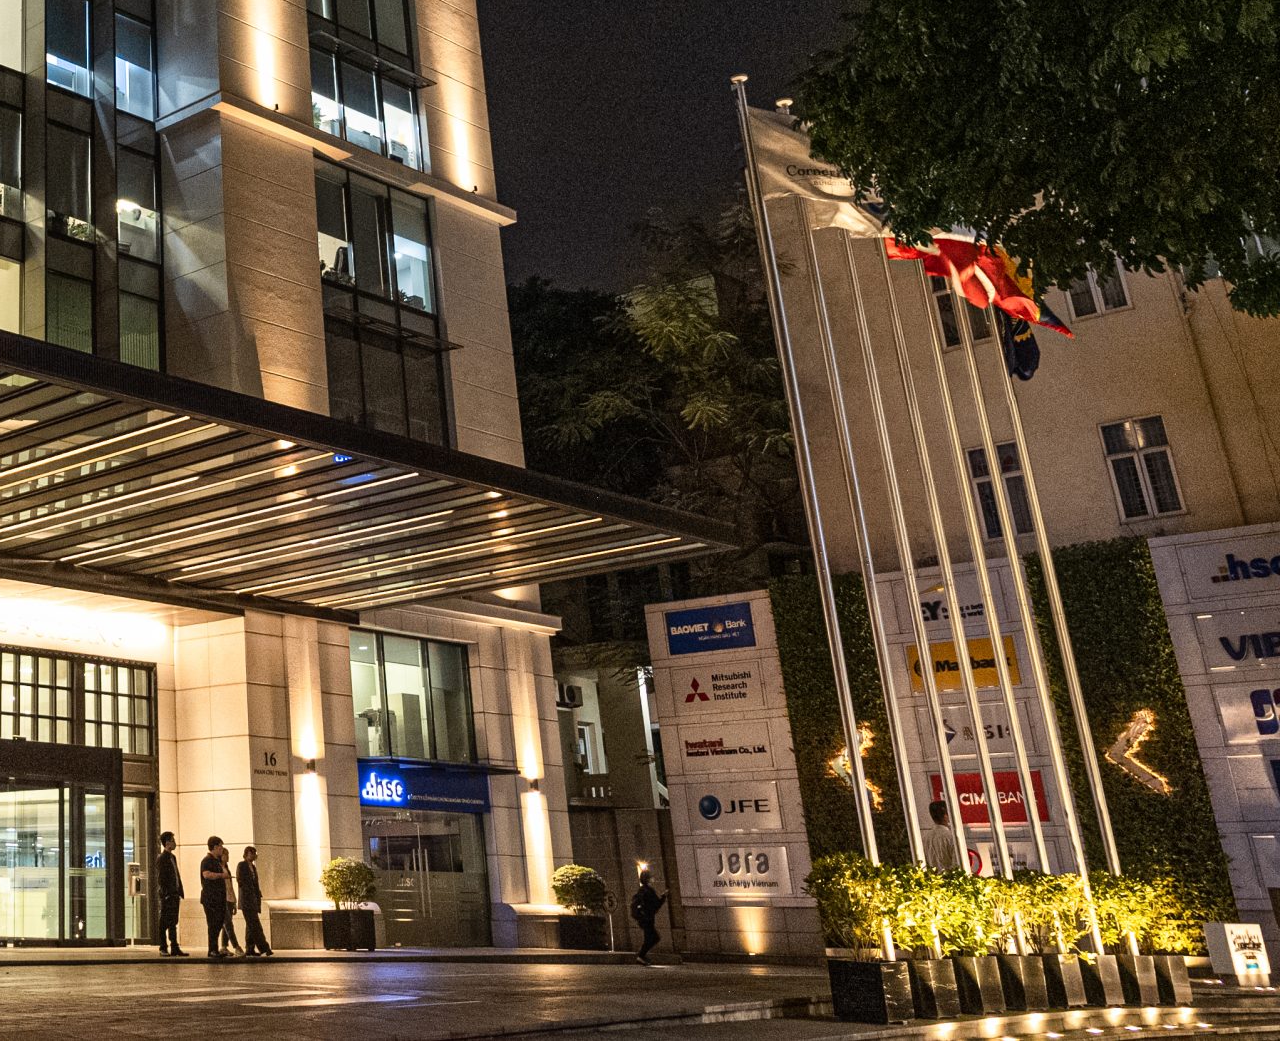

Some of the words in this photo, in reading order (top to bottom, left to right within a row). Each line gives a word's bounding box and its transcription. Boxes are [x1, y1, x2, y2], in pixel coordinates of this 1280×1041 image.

[670, 623, 709, 635] BAOVIET
[725, 619, 747, 629] Bank
[935, 656, 1011, 673] Maban
[711, 671, 752, 683] Mitsubishi
[712, 681, 748, 692] Research
[713, 691, 748, 701] Institute
[264, 752, 276, 766] 16
[725, 799, 771, 813] JFE
[960, 792, 989, 806] CIM

**Exercise prompt**
An exact repetition of the listing is needed, with the pictures dropped.

**Response**
Some of the words in this photo, in reading order (top to bottom, left to right within a row). Each line gives a word's bounding box and its transcription. Boxes are [x1, y1, x2, y2], in pixel coordinates of this 1280×1041 image.

[670, 623, 709, 635] BAOVIET
[725, 619, 747, 629] Bank
[935, 656, 1011, 673] Maban
[711, 671, 752, 683] Mitsubishi
[712, 681, 748, 692] Research
[713, 691, 748, 701] Institute
[264, 752, 276, 766] 16
[725, 799, 771, 813] JFE
[960, 792, 989, 806] CIM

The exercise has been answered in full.